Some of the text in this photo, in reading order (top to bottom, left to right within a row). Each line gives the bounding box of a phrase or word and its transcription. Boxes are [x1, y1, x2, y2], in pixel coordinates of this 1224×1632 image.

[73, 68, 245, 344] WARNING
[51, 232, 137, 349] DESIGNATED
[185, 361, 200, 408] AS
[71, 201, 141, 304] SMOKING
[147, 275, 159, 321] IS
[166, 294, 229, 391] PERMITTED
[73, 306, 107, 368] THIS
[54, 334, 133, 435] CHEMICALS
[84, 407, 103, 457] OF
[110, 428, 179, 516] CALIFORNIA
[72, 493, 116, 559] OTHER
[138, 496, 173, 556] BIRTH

## Work task
Take the entries above and return all of them exactly.

## The answer
Some of the text in this photo, in reading order (top to bottom, left to right within a row). Each line gives the bounding box of a phrase or word and its transcription. Boxes are [x1, y1, x2, y2], in pixel coordinates of this 1224×1632 image.

[73, 68, 245, 344] WARNING
[51, 232, 137, 349] DESIGNATED
[185, 361, 200, 408] AS
[71, 201, 141, 304] SMOKING
[147, 275, 159, 321] IS
[166, 294, 229, 391] PERMITTED
[73, 306, 107, 368] THIS
[54, 334, 133, 435] CHEMICALS
[84, 407, 103, 457] OF
[110, 428, 179, 516] CALIFORNIA
[72, 493, 116, 559] OTHER
[138, 496, 173, 556] BIRTH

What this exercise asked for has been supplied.